[[ PROVIDED MATERIAL open ]]

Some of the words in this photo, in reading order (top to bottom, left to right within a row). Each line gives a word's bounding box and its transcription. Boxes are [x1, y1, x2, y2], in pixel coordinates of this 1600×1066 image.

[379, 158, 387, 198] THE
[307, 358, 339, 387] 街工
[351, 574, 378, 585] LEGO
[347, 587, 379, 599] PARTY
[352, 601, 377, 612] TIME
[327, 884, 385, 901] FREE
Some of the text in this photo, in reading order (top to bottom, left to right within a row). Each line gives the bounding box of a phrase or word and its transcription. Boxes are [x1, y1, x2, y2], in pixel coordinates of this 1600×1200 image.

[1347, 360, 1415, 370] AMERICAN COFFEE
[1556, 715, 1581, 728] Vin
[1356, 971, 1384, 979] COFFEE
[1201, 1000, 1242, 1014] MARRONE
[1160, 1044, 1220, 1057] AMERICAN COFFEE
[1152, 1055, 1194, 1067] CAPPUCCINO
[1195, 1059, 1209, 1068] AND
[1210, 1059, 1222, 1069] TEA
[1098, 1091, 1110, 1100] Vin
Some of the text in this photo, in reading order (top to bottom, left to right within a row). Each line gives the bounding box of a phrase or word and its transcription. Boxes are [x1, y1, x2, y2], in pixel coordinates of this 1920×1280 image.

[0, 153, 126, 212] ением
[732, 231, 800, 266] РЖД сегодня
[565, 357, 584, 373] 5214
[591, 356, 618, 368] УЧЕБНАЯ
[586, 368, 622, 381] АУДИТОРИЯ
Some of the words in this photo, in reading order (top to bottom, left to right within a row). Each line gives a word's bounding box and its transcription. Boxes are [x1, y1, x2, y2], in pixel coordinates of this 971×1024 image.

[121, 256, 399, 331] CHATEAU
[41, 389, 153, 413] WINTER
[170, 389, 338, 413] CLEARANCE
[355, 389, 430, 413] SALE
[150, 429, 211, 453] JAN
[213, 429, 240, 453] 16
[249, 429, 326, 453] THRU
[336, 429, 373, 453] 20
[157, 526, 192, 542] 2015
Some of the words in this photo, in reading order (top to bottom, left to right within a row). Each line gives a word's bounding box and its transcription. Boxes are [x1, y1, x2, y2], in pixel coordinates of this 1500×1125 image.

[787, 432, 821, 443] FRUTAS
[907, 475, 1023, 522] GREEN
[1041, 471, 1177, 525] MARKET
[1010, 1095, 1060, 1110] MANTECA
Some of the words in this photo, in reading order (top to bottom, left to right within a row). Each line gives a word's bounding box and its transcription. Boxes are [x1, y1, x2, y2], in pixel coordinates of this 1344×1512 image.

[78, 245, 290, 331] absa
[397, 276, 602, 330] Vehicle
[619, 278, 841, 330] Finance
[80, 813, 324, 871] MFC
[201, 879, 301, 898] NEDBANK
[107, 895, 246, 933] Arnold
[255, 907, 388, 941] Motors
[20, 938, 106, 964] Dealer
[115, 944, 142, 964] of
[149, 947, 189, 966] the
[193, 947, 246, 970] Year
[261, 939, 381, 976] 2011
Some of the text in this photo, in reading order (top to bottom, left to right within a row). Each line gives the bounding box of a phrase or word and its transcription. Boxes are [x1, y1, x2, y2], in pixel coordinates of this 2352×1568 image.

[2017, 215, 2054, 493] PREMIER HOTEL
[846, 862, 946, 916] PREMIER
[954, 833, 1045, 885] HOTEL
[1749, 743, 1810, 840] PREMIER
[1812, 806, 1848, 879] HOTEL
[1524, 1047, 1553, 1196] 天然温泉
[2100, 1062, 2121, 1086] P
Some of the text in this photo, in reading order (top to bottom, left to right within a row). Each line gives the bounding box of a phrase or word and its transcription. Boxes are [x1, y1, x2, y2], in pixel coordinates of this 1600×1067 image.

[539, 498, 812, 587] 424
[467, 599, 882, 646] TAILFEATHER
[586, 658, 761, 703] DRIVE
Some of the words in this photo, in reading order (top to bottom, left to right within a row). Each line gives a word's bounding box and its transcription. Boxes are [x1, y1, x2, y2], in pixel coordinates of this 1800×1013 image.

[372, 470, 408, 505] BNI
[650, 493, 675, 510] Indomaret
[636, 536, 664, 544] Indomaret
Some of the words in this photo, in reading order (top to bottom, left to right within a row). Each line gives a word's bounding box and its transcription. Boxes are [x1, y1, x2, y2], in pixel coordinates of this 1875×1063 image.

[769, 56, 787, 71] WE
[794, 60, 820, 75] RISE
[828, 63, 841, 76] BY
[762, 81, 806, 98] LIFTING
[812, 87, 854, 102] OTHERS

[[ PROVIDED MATERIAL closed ]]

__WHAT TO DO__
In this exercise, reproduce the material word for word, in full.

__WORKED SOLUTION__
Some of the words in this photo, in reading order (top to bottom, left to right within a row). Each line gives a word's bounding box and its transcription. Boxes are [x1, y1, x2, y2], in pixel coordinates of this 1600×1066 image.

[379, 158, 387, 198] THE
[307, 358, 339, 387] 街工
[351, 574, 378, 585] LEGO
[347, 587, 379, 599] PARTY
[352, 601, 377, 612] TIME
[327, 884, 385, 901] FREE
Some of the text in this photo, in reading order (top to bottom, left to right within a row). Each line gives the bounding box of a phrase or word and its transcription. Boxes are [x1, y1, x2, y2], in pixel coordinates of this 1600×1200 image.

[1347, 360, 1415, 370] AMERICAN COFFEE
[1556, 715, 1581, 728] Vin
[1356, 971, 1384, 979] COFFEE
[1201, 1000, 1242, 1014] MARRONE
[1160, 1044, 1220, 1057] AMERICAN COFFEE
[1152, 1055, 1194, 1067] CAPPUCCINO
[1195, 1059, 1209, 1068] AND
[1210, 1059, 1222, 1069] TEA
[1098, 1091, 1110, 1100] Vin
Some of the text in this photo, in reading order (top to bottom, left to right within a row). Each line gives the bounding box of a phrase or word and its transcription. Boxes are [x1, y1, x2, y2], in pixel coordinates of this 1920×1280 image.

[0, 153, 126, 212] ением
[732, 231, 800, 266] РЖД сегодня
[565, 357, 584, 373] 5214
[591, 356, 618, 368] УЧЕБНАЯ
[586, 368, 622, 381] АУДИТОРИЯ
Some of the words in this photo, in reading order (top to bottom, left to right within a row). Each line gives a word's bounding box and its transcription. Boxes are [x1, y1, x2, y2], in pixel coordinates of this 971×1024 image.

[121, 256, 399, 331] CHATEAU
[41, 389, 153, 413] WINTER
[170, 389, 338, 413] CLEARANCE
[355, 389, 430, 413] SALE
[150, 429, 211, 453] JAN
[213, 429, 240, 453] 16
[249, 429, 326, 453] THRU
[336, 429, 373, 453] 20
[157, 526, 192, 542] 2015
Some of the words in this photo, in reading order (top to bottom, left to right within a row). Each line gives a word's bounding box and its transcription. Boxes are [x1, y1, x2, y2], in pixel coordinates of this 1500×1125 image.

[787, 432, 821, 443] FRUTAS
[907, 475, 1023, 522] GREEN
[1041, 471, 1177, 525] MARKET
[1010, 1095, 1060, 1110] MANTECA
Some of the words in this photo, in reading order (top to bottom, left to right within a row). Each line gives a word's bounding box and its transcription. Boxes are [x1, y1, x2, y2], in pixel coordinates of this 1344×1512 image.

[78, 245, 290, 331] absa
[397, 276, 602, 330] Vehicle
[619, 278, 841, 330] Finance
[80, 813, 324, 871] MFC
[201, 879, 301, 898] NEDBANK
[107, 895, 246, 933] Arnold
[255, 907, 388, 941] Motors
[20, 938, 106, 964] Dealer
[115, 944, 142, 964] of
[149, 947, 189, 966] the
[193, 947, 246, 970] Year
[261, 939, 381, 976] 2011
Some of the text in this photo, in reading order (top to bottom, left to right within a row). Each line gives the bounding box of a phrase or word and its transcription. Boxes are [x1, y1, x2, y2], in pixel coordinates of this 2352×1568 image.

[2017, 215, 2054, 493] PREMIER HOTEL
[846, 862, 946, 916] PREMIER
[954, 833, 1045, 885] HOTEL
[1749, 743, 1810, 840] PREMIER
[1812, 806, 1848, 879] HOTEL
[1524, 1047, 1553, 1196] 天然温泉
[2100, 1062, 2121, 1086] P
Some of the text in this photo, in reading order (top to bottom, left to right within a row). Each line gives the bounding box of a phrase or word and its transcription. Boxes are [x1, y1, x2, y2], in pixel coordinates of this 1600×1067 image.

[539, 498, 812, 587] 424
[467, 599, 882, 646] TAILFEATHER
[586, 658, 761, 703] DRIVE
Some of the words in this photo, in reading order (top to bottom, left to right within a row). Each line gives a word's bounding box and its transcription. Boxes are [x1, y1, x2, y2], in pixel coordinates of this 1800×1013 image.

[372, 470, 408, 505] BNI
[650, 493, 675, 510] Indomaret
[636, 536, 664, 544] Indomaret
Some of the words in this photo, in reading order (top to bottom, left to right within a row). Each line gives a word's bounding box and its transcription. Boxes are [x1, y1, x2, y2], in pixel coordinates of this 1875×1063 image.

[769, 56, 787, 71] WE
[794, 60, 820, 75] RISE
[828, 63, 841, 76] BY
[762, 81, 806, 98] LIFTING
[812, 87, 854, 102] OTHERS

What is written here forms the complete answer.